----- Source data

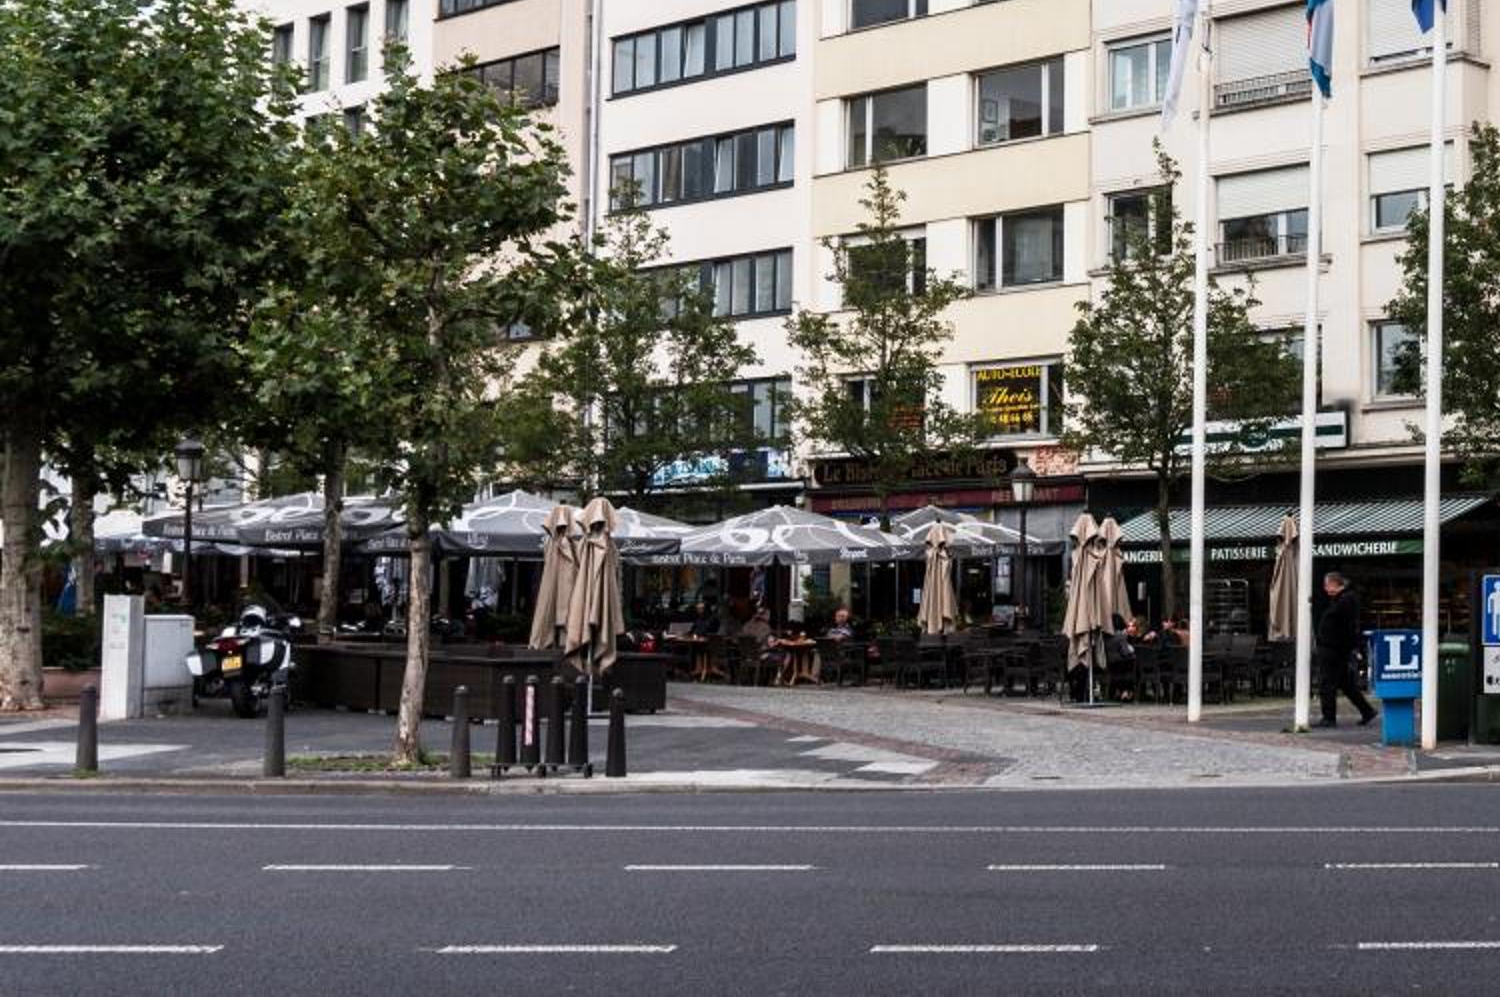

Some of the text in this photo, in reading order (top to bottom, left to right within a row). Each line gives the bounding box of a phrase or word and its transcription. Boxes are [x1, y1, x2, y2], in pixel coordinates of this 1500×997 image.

[1211, 545, 1268, 560] PATISSERIE
[1312, 540, 1398, 556] SANDWICHERIE
[1384, 634, 1420, 671] L'
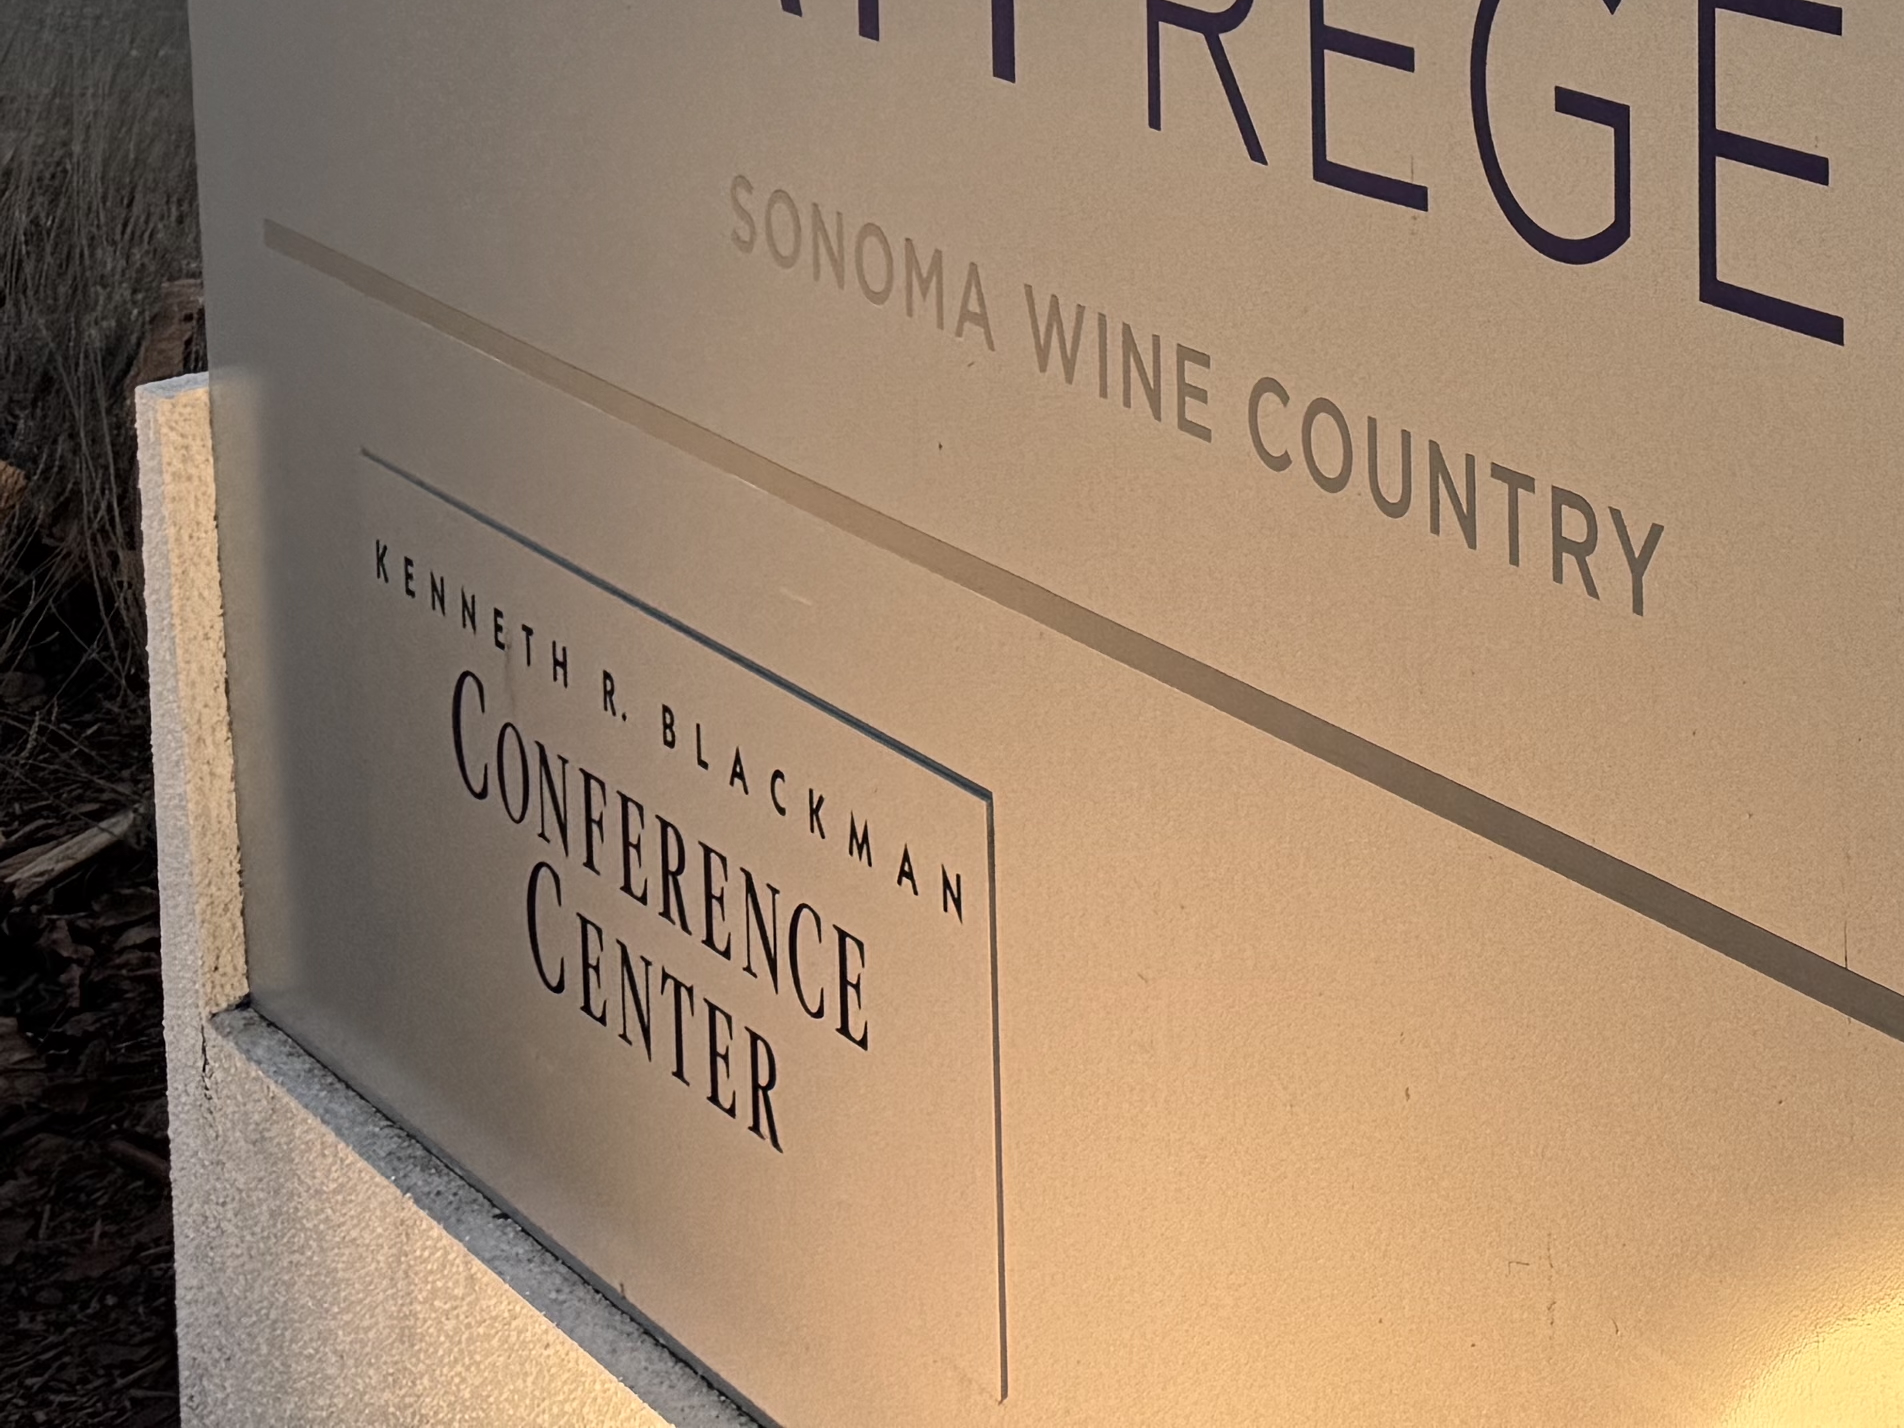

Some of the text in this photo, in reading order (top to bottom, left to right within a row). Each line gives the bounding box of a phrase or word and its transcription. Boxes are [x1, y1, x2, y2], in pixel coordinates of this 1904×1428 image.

[730, 175, 1665, 617] SONOMA WINE COUNTRY
[375, 540, 964, 924] KENNETH R. BLACKMAN
[451, 670, 869, 1052] CONFERENCE
[526, 860, 784, 1154] CENTER
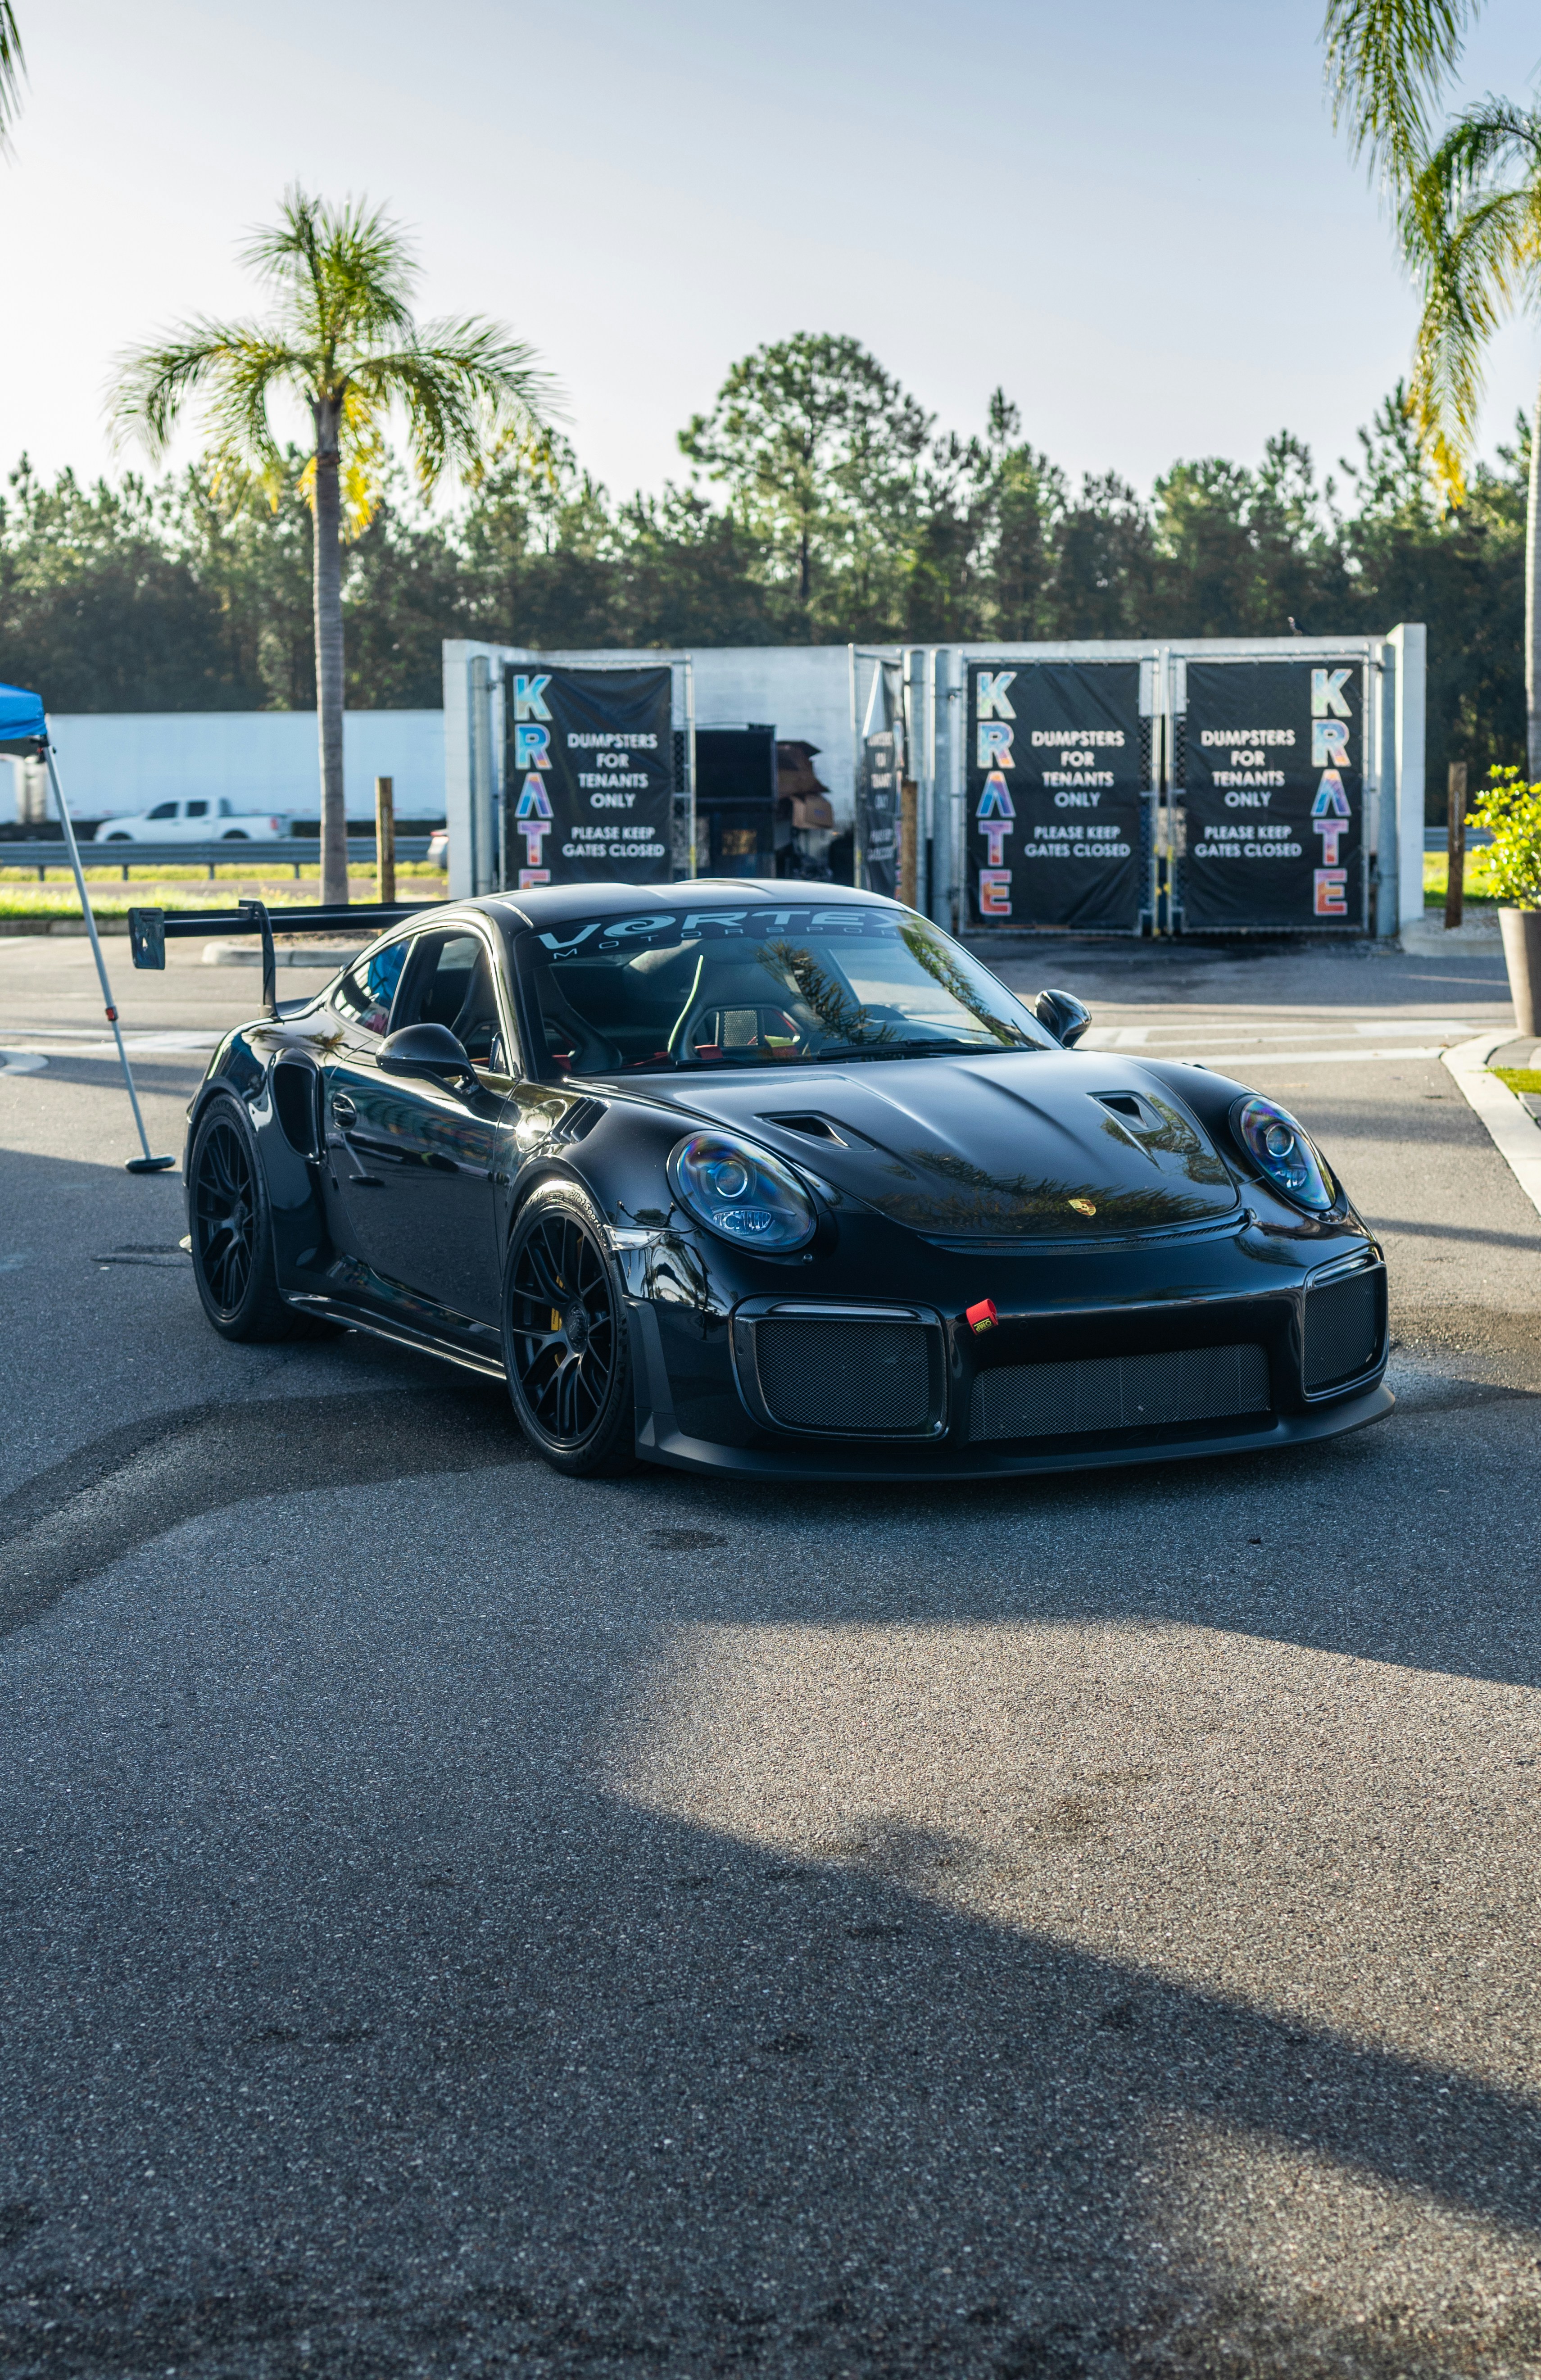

----------

(Exercise goal) Without any pictures, reproduce exactly the lines from the line that contains "this 1904×1428 image." to the end of the entries above, both ends included.

(Result for this exercise)
Some of the text in this photo, in reading order (top to bottom, left to right within a row). Each line gives the bounding box of a phrase or word and its transcription. Boxes are [x1, y1, x2, y2], in pixel coordinates of this 1904×1428 image.

[730, 175, 1665, 617] SONOMA WINE COUNTRY
[375, 540, 964, 924] KENNETH R. BLACKMAN
[451, 670, 869, 1052] CONFERENCE
[526, 860, 784, 1154] CENTER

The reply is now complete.